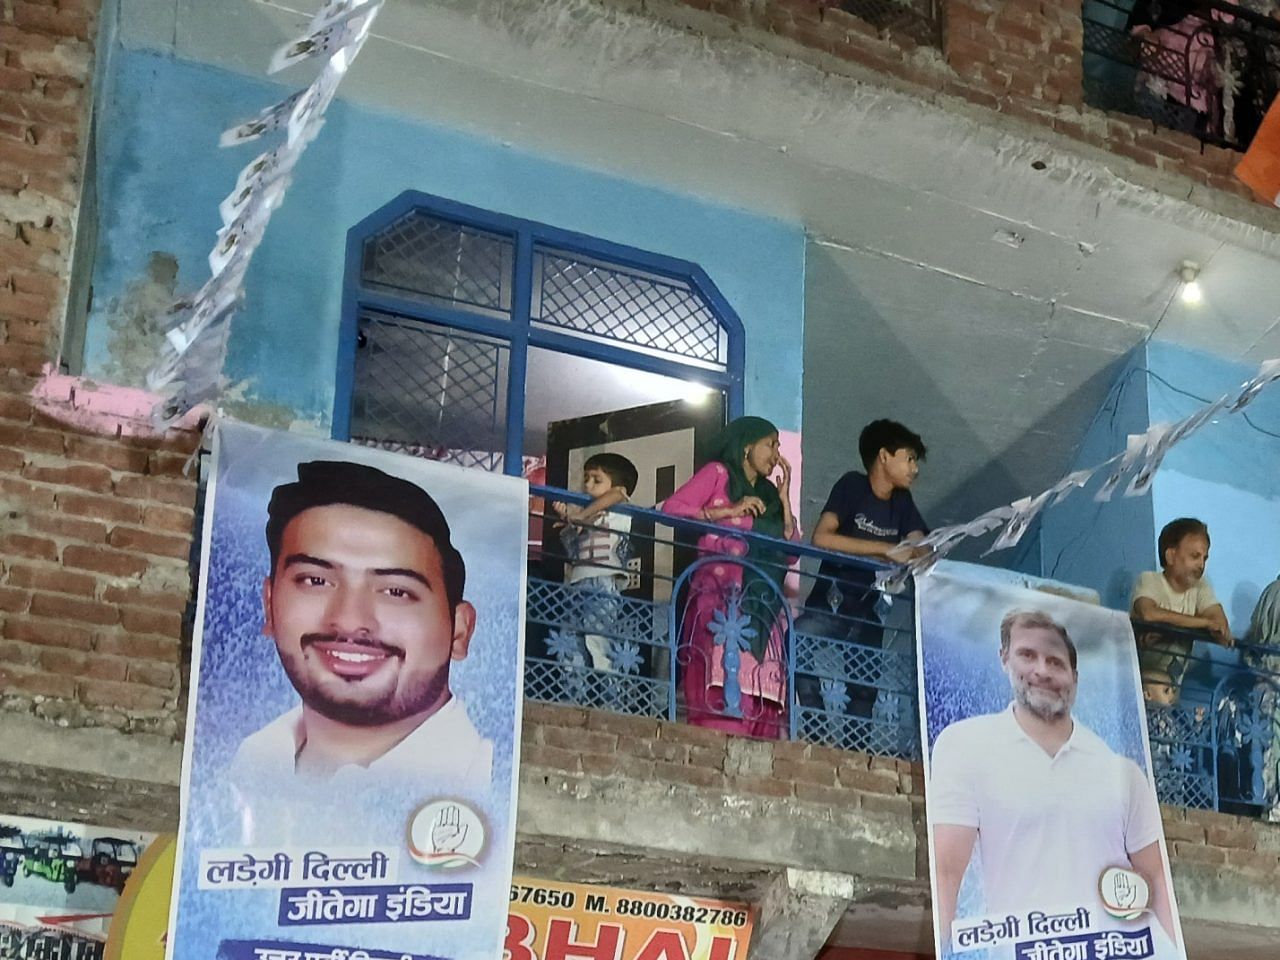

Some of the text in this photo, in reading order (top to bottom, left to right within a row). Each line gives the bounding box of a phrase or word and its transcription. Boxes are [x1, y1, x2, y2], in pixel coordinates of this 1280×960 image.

[205, 850, 390, 886] लड़ेगी दिल्ली
[287, 886, 468, 921] जीतेगा इंडिया
[585, 895, 610, 913] M.
[616, 899, 746, 927] 8800382786
[957, 906, 1091, 947] लड़ेगी दिल्ली
[1094, 931, 1149, 960] इंडिया

How to complete this task » Make an exact copy of every entry above, but keep the pictures out of it.

Result for this task »
Some of the text in this photo, in reading order (top to bottom, left to right within a row). Each line gives the bounding box of a phrase or word and its transcription. Boxes are [x1, y1, x2, y2], in pixel coordinates of this 1280×960 image.

[205, 850, 390, 886] लड़ेगी दिल्ली
[287, 886, 468, 921] जीतेगा इंडिया
[585, 895, 610, 913] M.
[616, 899, 746, 927] 8800382786
[957, 906, 1091, 947] लड़ेगी दिल्ली
[1094, 931, 1149, 960] इंडिया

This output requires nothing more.